The importance of Media in War
Media and the public perception of wars is what allows societies to determine whether a war is virtuous or unjustified. In the twentieth century, Western countries had fought wars that easily portrayed them as the “good guys”. When the United States went over to Europe it was in the name of stopping the tyranny and fascism of the Third Reich. When the U.S. dropped the horrible power of atomic bombs in Japan, they did it to stop the advancement of a barbaric imperialist system that swallowed up smaller countries and enslaved its peoples. These wars were easily displayed as necessary and justified. One could even say that there were a clear goals in mind and adequate illustrations of how the war would come to an end. However, in the period following WWII the reasons for going to war would become increasingly muddled. The German military theorist Karl von Clausewitz stated that the ultimate goal of war is the subjugation of the enemy and “bending them to your will”. For the concept of old physical warfare the idea is brawn over brains but in new wars that are fought between superpowers and small countries media and perception is key.
The Cold War
The proxy wars of the Cold War era were no longer as easily justified as the goal of stopping Fascism or Imperialism but instead enlisted the flawed domino theory. The domino theory was used to justify the Vietnam and Korean conflicts by stating that if one country falls to communism surrounding nations will follow. It added a justification as to why a nation such as the United States could interfere in civil conflicts within countries such as Vietnam. Presidents such as Kennedy and Johnson would reiterate the idea that by keeping communism out of Vietnam or Korea the United States was in effect protecting all of its Asian Allies along with itself. At the beginning of the war in Vietnam victory seemed assured for the United States. Surely the United States had the resources, power, money and advanced technologies to take over a poor unindustrialized country like Vietnam. Ho Chi Minh and the North Vietnamese knew very well that they were outmatched so changed the Strategy from all previous wars that came before. They focused on psychological manipulation and the influence of people rather than physical warfare. They wanted to make the war impossible for the U.S. to justify and prolong the conflict as long as possible. Once the U.S. started the draft they had already lost in the hearts and minds of its people. Vietnam was in a far-flung part of Asia that most people hadn’t heard of until the war started. The fact that the power of Vietnam did not pose an existential threat to the U.S. increased the difficulty of how to justify a proxy war to the public.
The Gulf War
“The Gulf War Did Not Take Place” as written by Jean Baudrillard expressed how important perceptions of war have actually become. Baudrillard described how the U.S. and other Western countries were fed pictures and news reels of slick tomahawk missiles and advanced fighter jets gracefully striking their targets. Western audiences were sparred gruesome images from the effect of these bombing but instead saw inhuman infer red images of Iraqi soldiers being struck by “smart” bombs. The U.S. knew that the public was still reeling from the experience of the Vietnam war and needed convincing propaganda to send people into feelings of war fervor. One such now infamous event was the “weapons of mass destruction” campaign launched in the U.S. to portray Saddam Hussein as being in possession of WMD’s. While whether WMD’s were present or not, intelligence agencies have admitted that evidence was not conclusive. Another lessor known event was when a fake news story spread about premature babies being removed from incubators in Kuwait by Iraqi invaders. It is clear that on the hierarchy of victim’s premature babies are by far the most defenseless. The Events of the Gulf War display how the U.S. had learned from its mistakes in Vietnam and made sure to make the war palette-able for the American public. America accomplishes this through concepts of “risk free” warfare, war fervor propaganda, and intense reiteration of justification for the war. Risk Free warfare refers to the images of soldiers safely piloting unmanned weapons in locations relatively far away from the battlefield. In effect the Gulf War was sanitized for the consumption of Western audiences.

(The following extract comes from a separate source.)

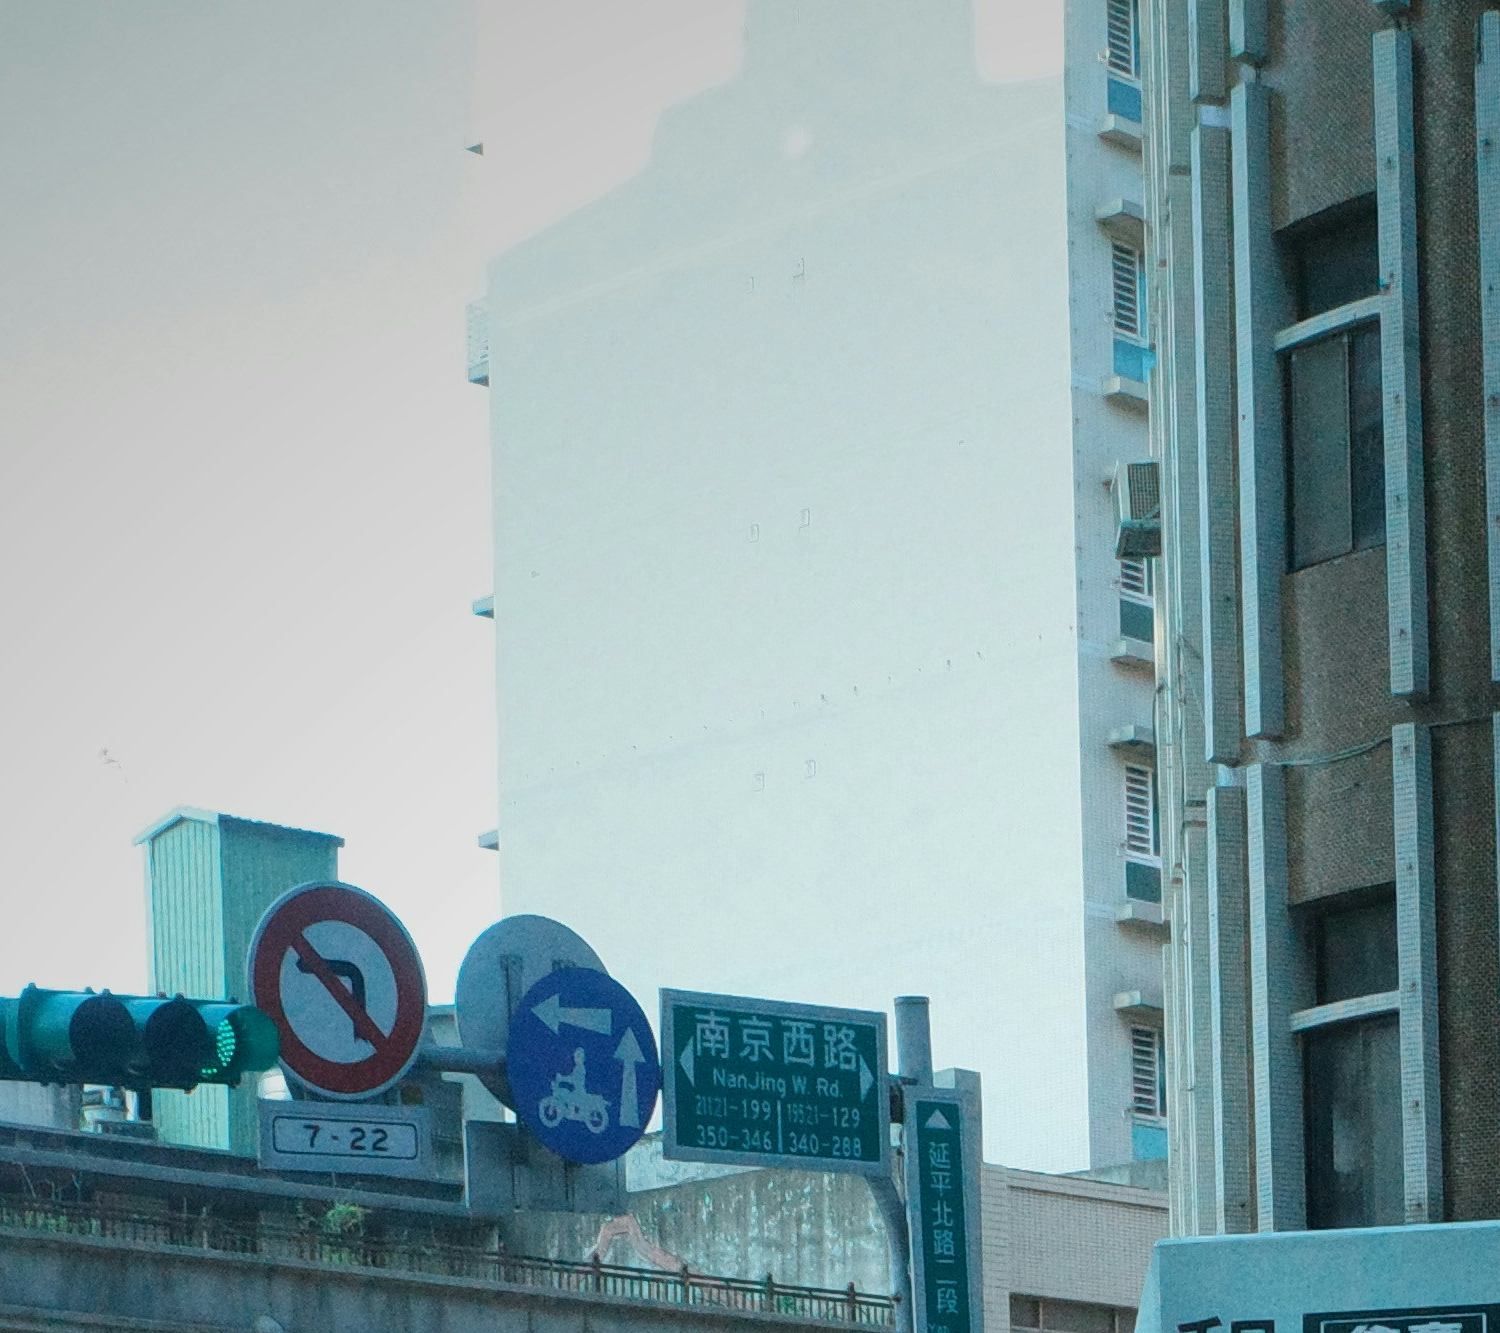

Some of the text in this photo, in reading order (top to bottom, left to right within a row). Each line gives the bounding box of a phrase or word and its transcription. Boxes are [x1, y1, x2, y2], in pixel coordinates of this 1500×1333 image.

[695, 1010, 858, 1072] 南京西路
[712, 1067, 844, 1099] NanJing W. Rd.
[696, 1125, 863, 1158] 350-346 340-288
[928, 1141, 958, 1314] 延平北路二段

If I have learned anything in University it is to question all media sources including the ones you trust. The Military industrial complex is real and every source of media is biased. Everything is said a certain way… to make you think a certain way.
The purpose of this post was just to write down some of my thoughts from my War and Media class. I hope you found my thoughts about the correlation between war and media usage interesting.